Clustering Skills from Urban Planning & Data Analytics Job Postings
Contexts
Urban planning roles increasingly demand data analytics expertise. To help me grasp this intersection for myself (since I'm interested in positions in this field), I analyzed 50 recent (Jan–Apr 2025) urban planning job postings with data analytics components. The goal was to extract the technical and soft skills mentioned in these postings, then use clustering to reveal distinct “skill ecosystems” – groups of skills that tend to co-occur in job requirements. By understanding these skill clusters, we can discuss how easy or difficult it might be to transition from one skill group to another.
Methods
First, I leveraged large language model (LLM) capabilities (GPT-4o) to parse job descriptions for skill mentions. LLMs offer a powerful approach to skill extraction from text, outperforming manual keyword matching by recognizing diverse skill phrases in context. After extraction, I converted the data into a structured skill matrix and applied Principal Component Analysis (PCA) for dimensionality reduction. Reducing high-dimensional skill data with PCA is a common step to improve clustering performance and interpretability. Finally, I applied clustering (K-Means) to identify skill groups. This approach follows recent trends in NLP-driven labor market analysis, where clustering helps uncover common patterns and skill gaps across roles.
Below, I'll go through the analysis process step-by-step, including the output of the code. You can follow along with me using the Jupyter notebook code file here.
Data and Skill Extraction
First, we load the dataset of 50 job postings. The data comes from job posts on LinkedIn (I picked it from Prof. Liang's liked posts). Each posting contains fields like job_title, job_description, and requirements. We then use GPT-4o via OpenAI’s API to extract skills mentioned in the text. We instruct GPT-4o to return a structured JSON with two lists: technical_skills (e.g. programming languages, software, domain-specific tools) and soft_skills (e.g. communication, teamwork, problem-solving).

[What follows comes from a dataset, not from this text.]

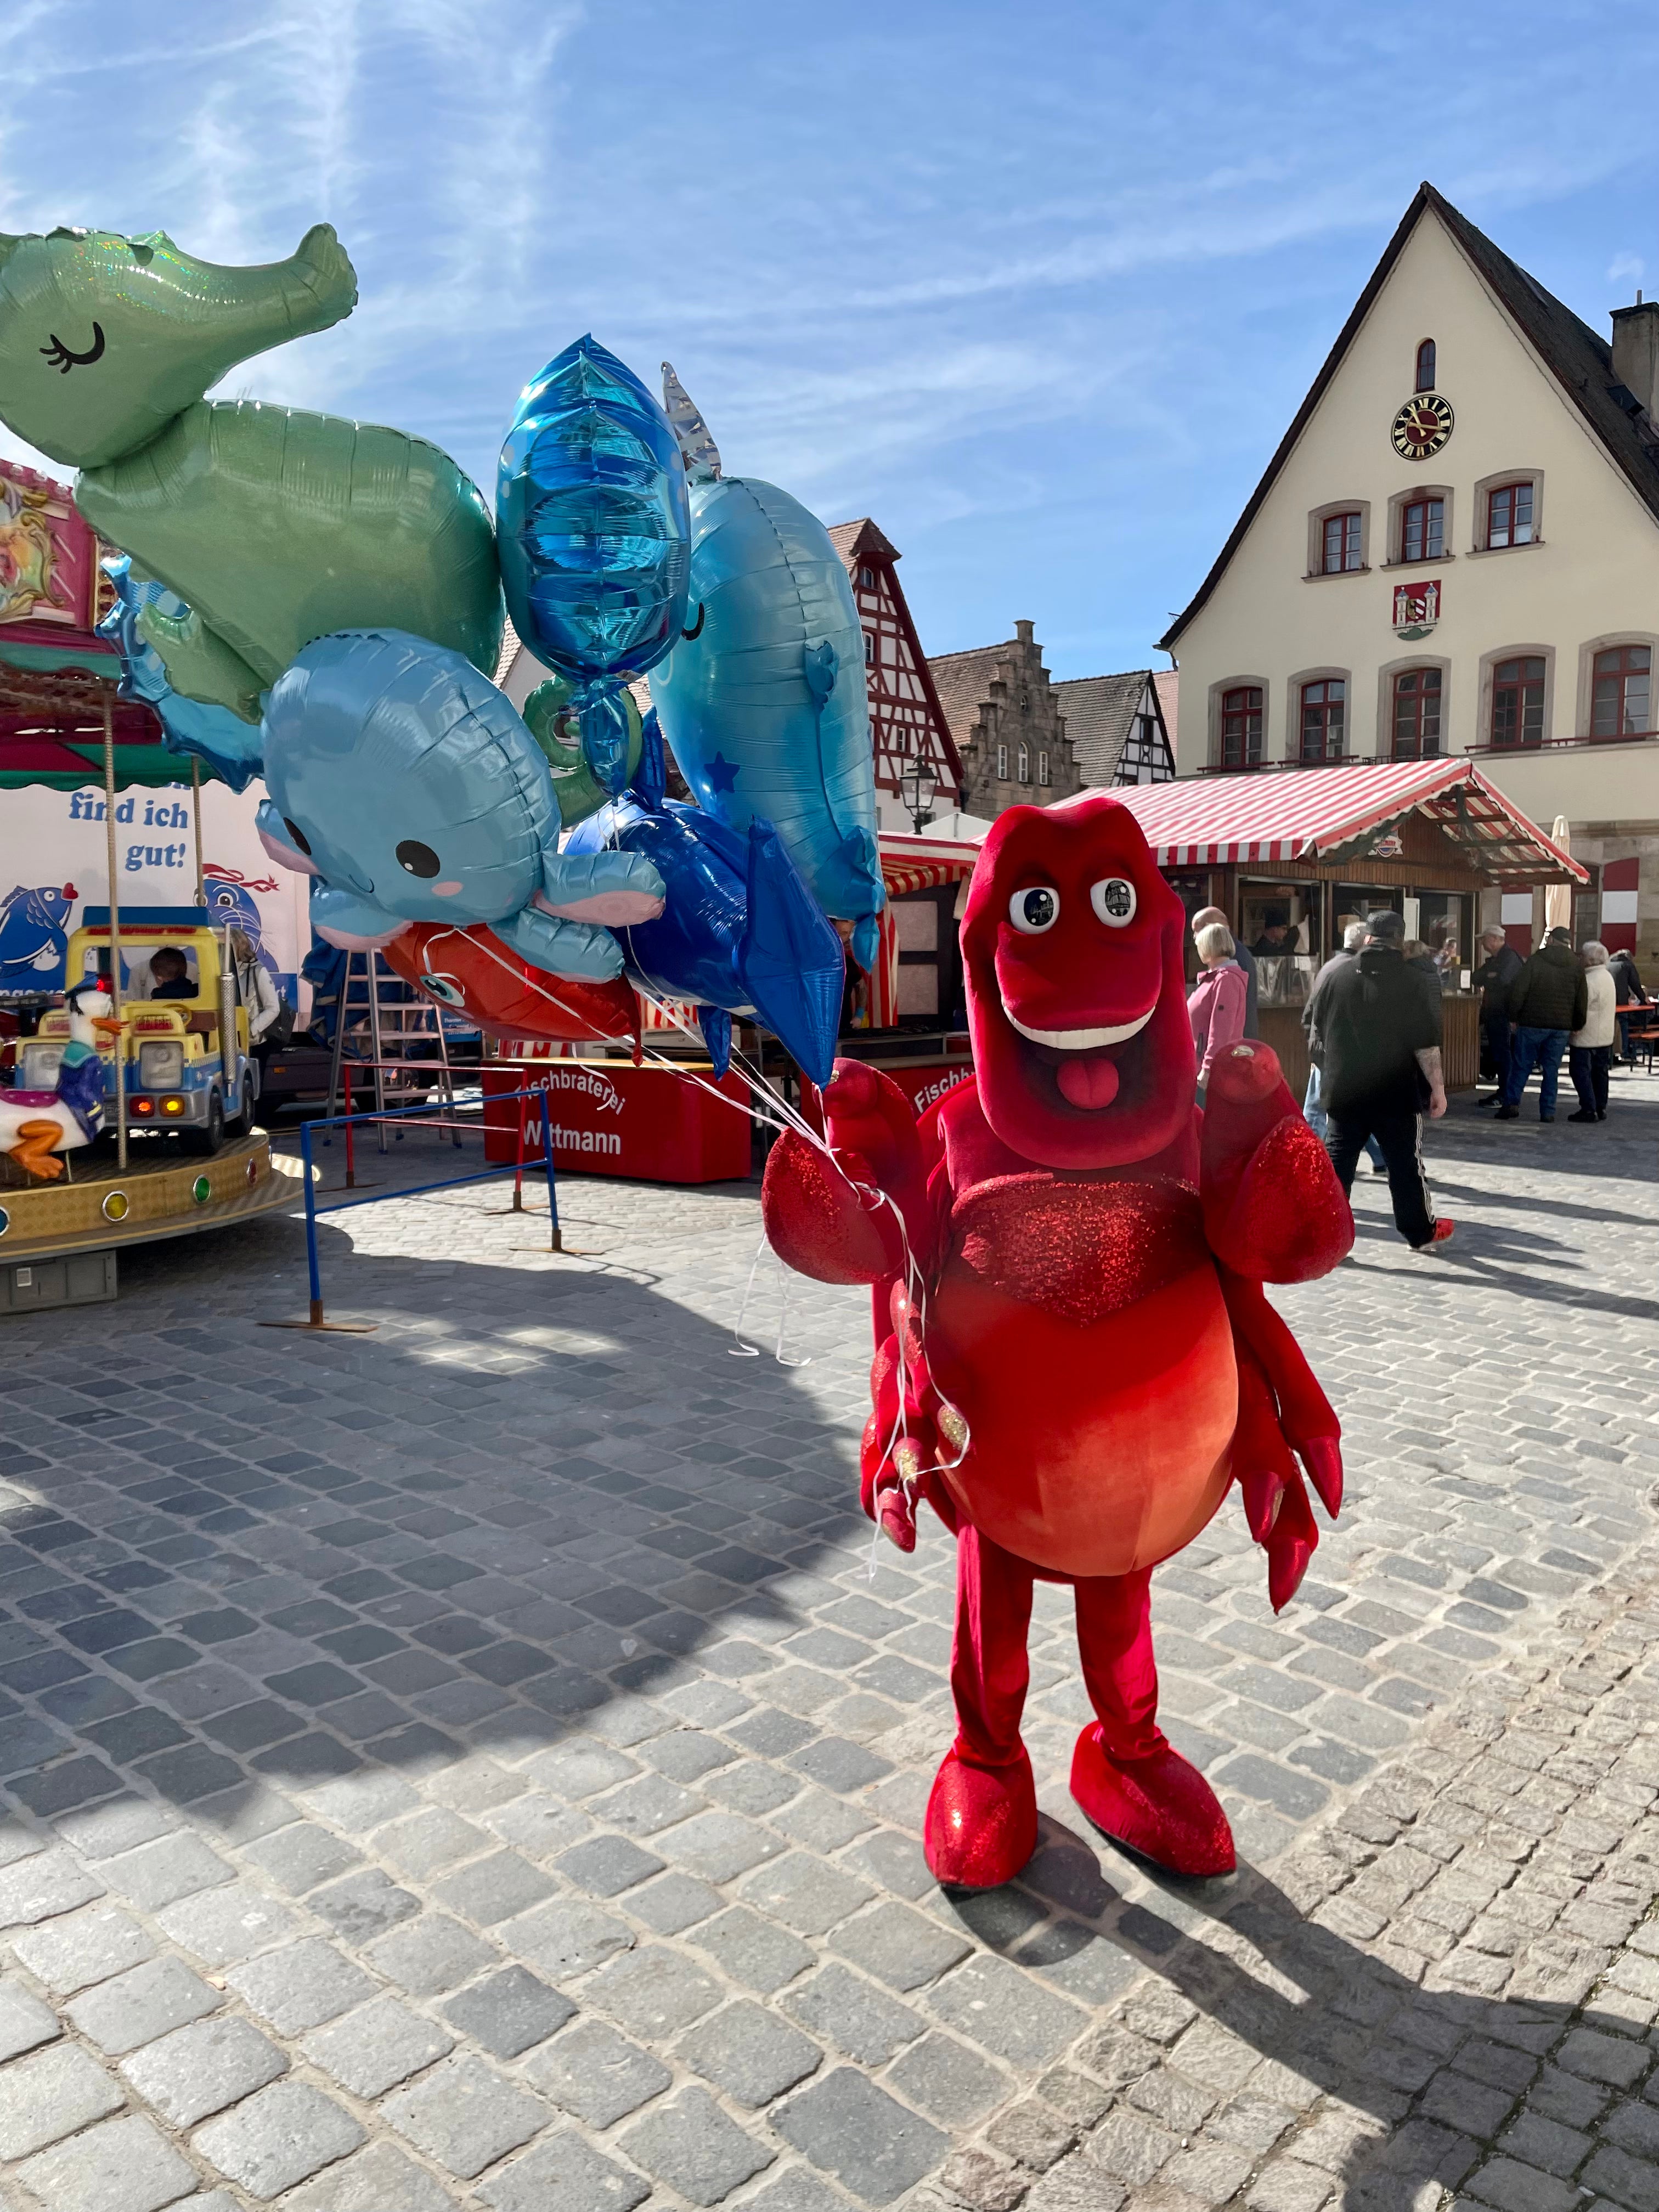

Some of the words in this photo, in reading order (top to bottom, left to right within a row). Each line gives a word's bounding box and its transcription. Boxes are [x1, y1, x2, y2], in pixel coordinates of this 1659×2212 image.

[69, 792, 135, 823] find
[143, 800, 188, 828] ich
[125, 843, 186, 871] gut!
[523, 1120, 621, 1155] Wttmann

Running the code shows that we have 50 postings with expected columns:
Total job postings: 50
Columns: ['job_id', 'job_title', 'job_description', 'work_type', 'employer', 'job_location', 'salary', 'requirements']
Next, we prepare the GPT-4 extraction. We’ll iterate through each job’s text and prompt GPT-4o to identify skills. In practice, the code will call the GPT-4o API for each job posting (50 calls). Here's an example output for one posting:
Job Title: Data Manager
Technical skills: ['data processes management', 'health data governance', 'big data projects']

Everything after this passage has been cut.